Lemay, west of Kester


On Lemay St. just west of Kester, a trash camp has been removed, then put back, then removed, then allowed back.

Residents of this tidy and pleasant section of Van Nuys know their area is not unique in the suffering brought on by government negligence.

Countless calls, emails, Zoom meetings and tweets have not changed a thing. The trash camps are a steady reminder of how far California has fallen, how pathetic the situation of law and order is.

Three months ago, the LAPD Van Nuys division held their monthly talk and all the Senior Lead Officers spoke. Our man proudly stated he had removed this trash camp, which previously was unhoused on the SE corner of Vanowen and Kester.  The camp then moved itself, shopping baskets and cars, to Lemay.

I don’t blame him or law enforcement for “allowing” the trash camps. This one, like many, has been cited for prostitution, drug dealing, and indecent exposure. The police are handcuffed by law.

A neighbor on NextDoor wrote that her granddaughter was playing outside when one male vagrant came up to the little girl and pulled his pants down.

He allegedly still lives in a tent along Lemay. Why?

There are many reasons to be depressed about life in Los Angeles today. In fact, progressive, thoughtful, sensitive Councilman Mike Bonin, who famously allowed murders, trash fires and thousands of vagrants to camp out and cause mayhem during the pandemic, has said he will not run for reelection, citing his personal battles with depression.

Bless him. But let him be gone to serve his emotions first so millions in our city can awaken happier tomorrow. 

Lest people who read this essay think I am advocating against the Democrats or liberalism, I instead am posturing for a middle ground of care for the addicted, and housing for the lost and beaten down. 

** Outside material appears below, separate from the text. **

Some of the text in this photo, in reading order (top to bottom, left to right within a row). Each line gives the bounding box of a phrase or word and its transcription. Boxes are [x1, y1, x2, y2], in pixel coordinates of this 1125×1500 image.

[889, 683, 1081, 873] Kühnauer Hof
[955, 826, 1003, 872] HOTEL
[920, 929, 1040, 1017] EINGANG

You can arrest them, jail them, deport them, or kill them, but only if you live in China or Russia. For those of us who still believe in American ideals, the law constrains us from revenge, even as we seethe in anger and contempt for the disorder and crime around us. 

But we also need local laws that apply to the entire city. We cannot stop enforcing with exceptions. Like near a school or hospital or homeless services building.  

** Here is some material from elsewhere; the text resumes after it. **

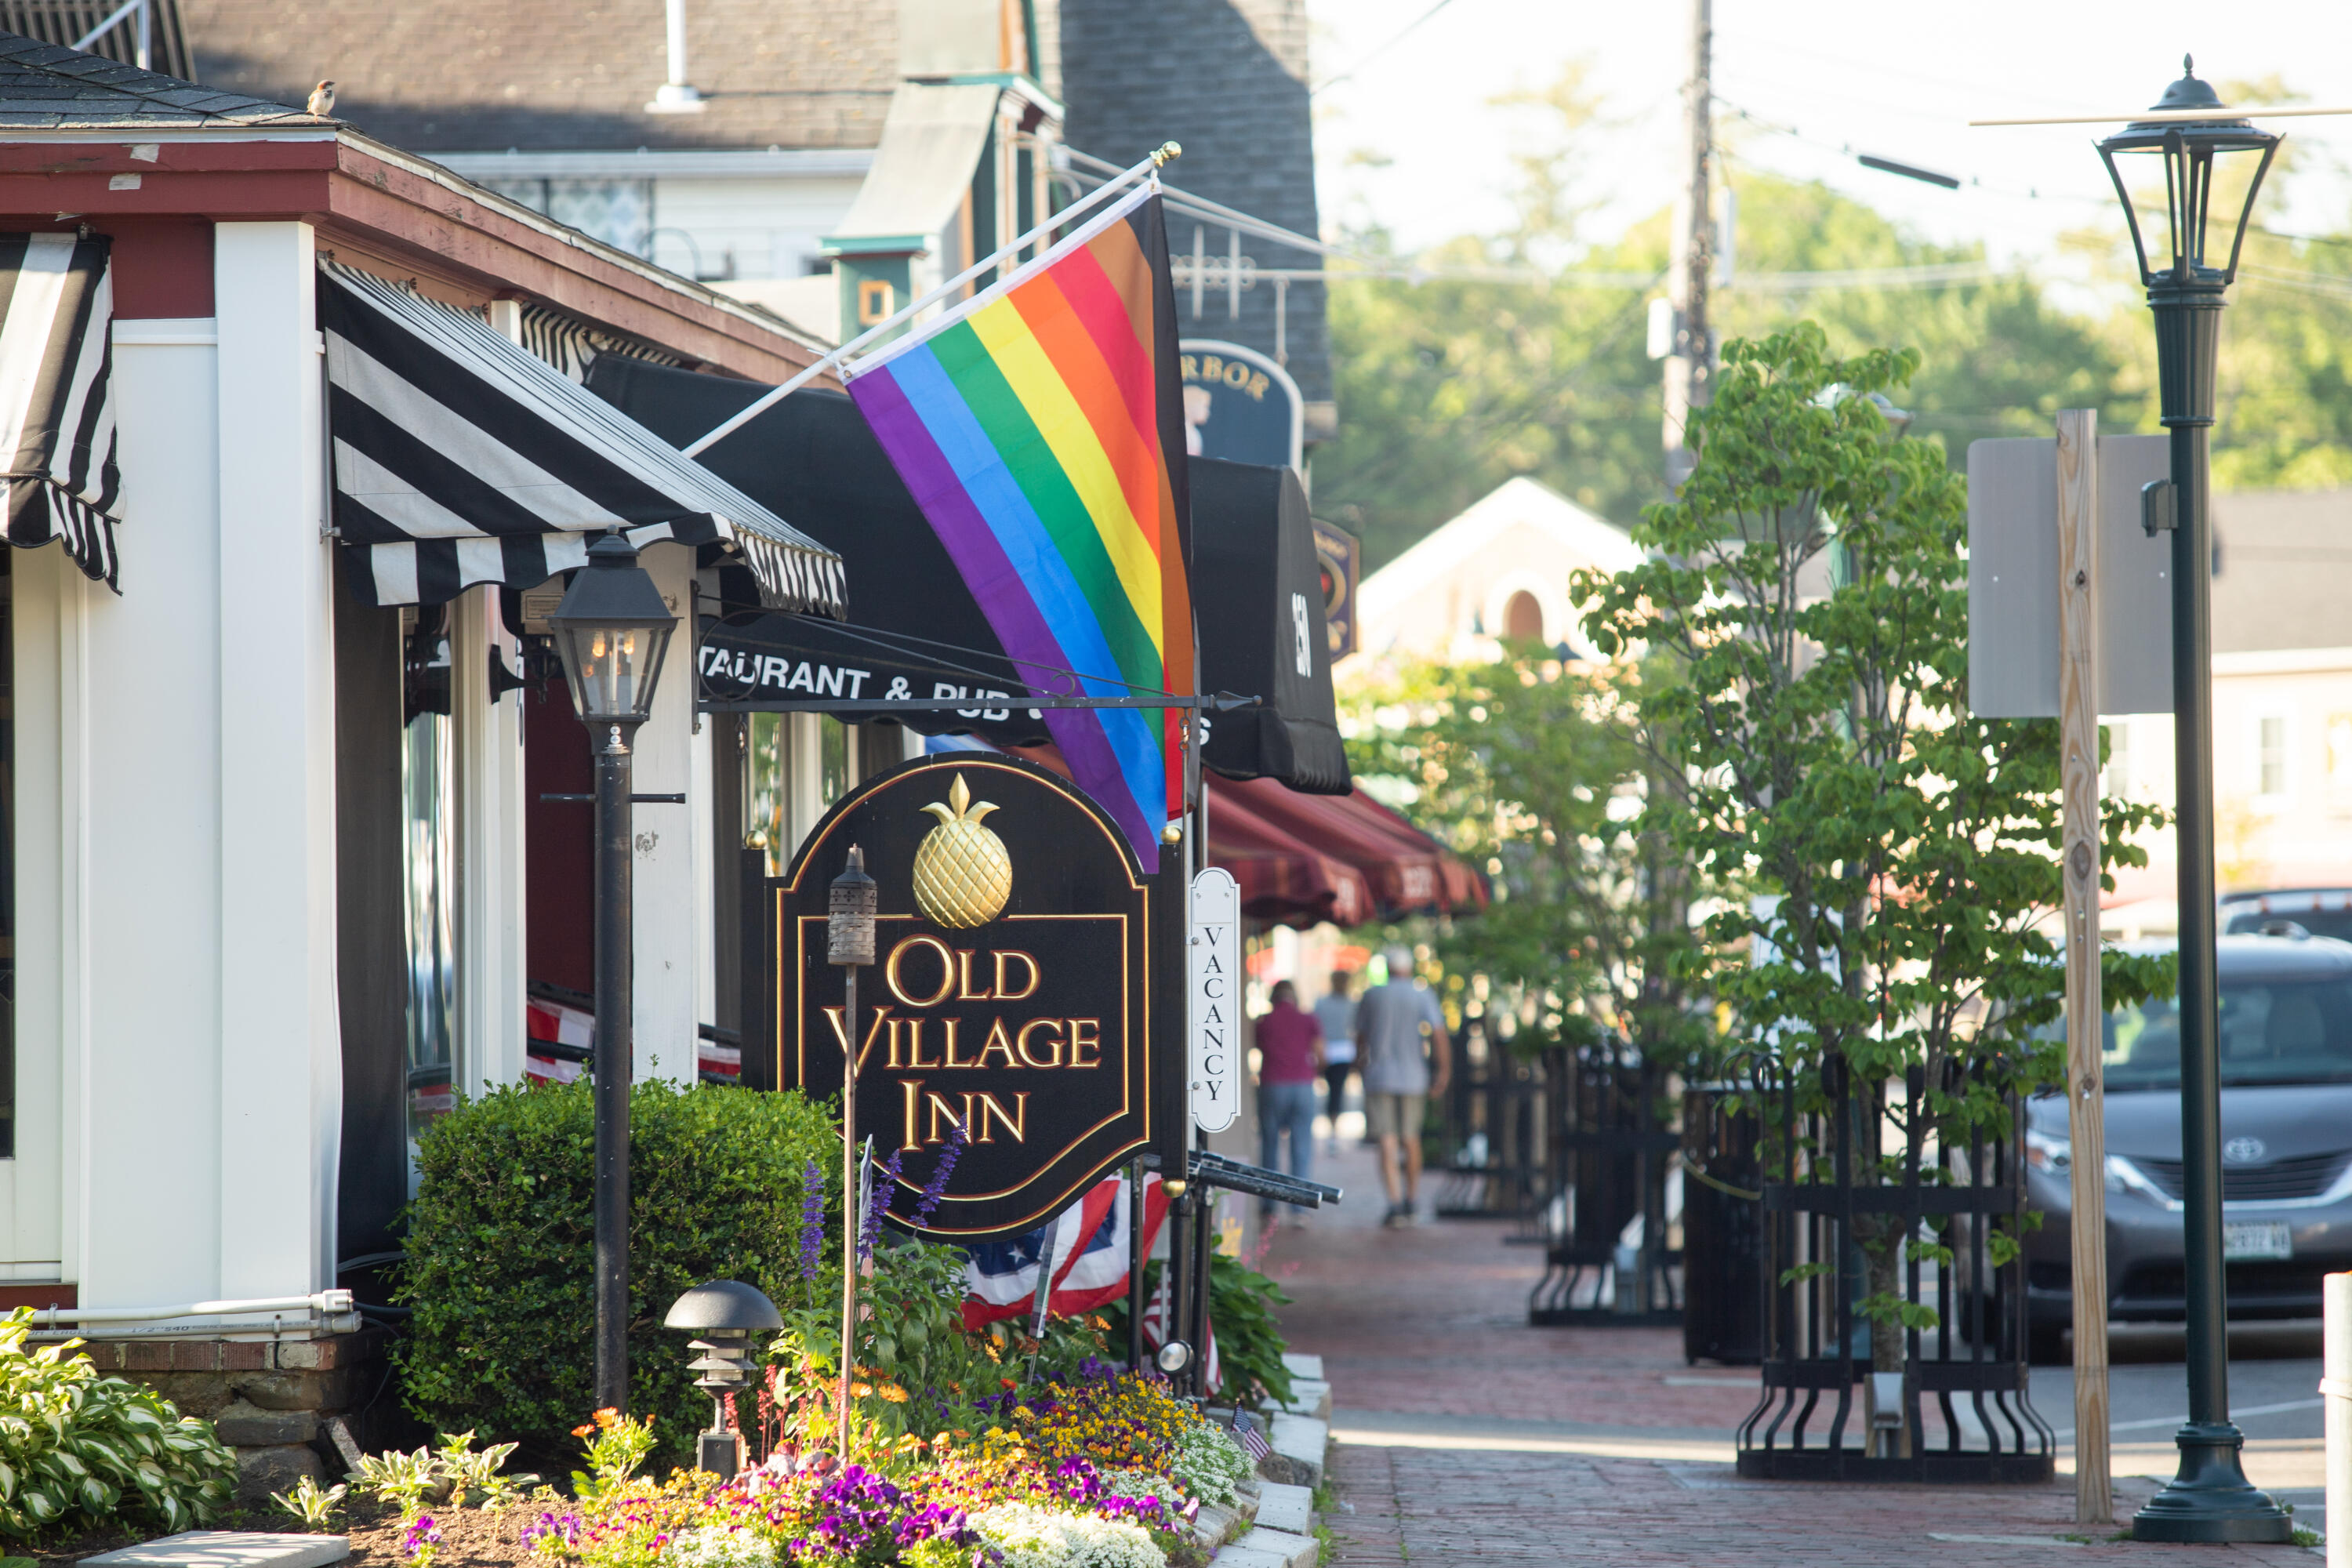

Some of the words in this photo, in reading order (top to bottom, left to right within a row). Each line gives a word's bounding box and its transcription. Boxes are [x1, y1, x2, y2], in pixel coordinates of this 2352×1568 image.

[698, 645, 871, 699] TAURANT
[931, 682, 1011, 721] PUB
[1203, 927, 1225, 1101] VACANCY

It categorically must be completely illegal to camp out and live in a public park, on a public sidewalk, to urinate and defecate outdoors. Anywhere.

We cannot parse our laws to such inanities as prohibited “within 500 feet of a school.”

Imagine if we said you could drive blindfolded, stone drunk at 100 miles an hour, if you never drove past a school?

One of the bitter ironies of Los Angeles is the amount of wasted space that exists where civilized, regulated and sanitary communities could be erected to house the unhoused.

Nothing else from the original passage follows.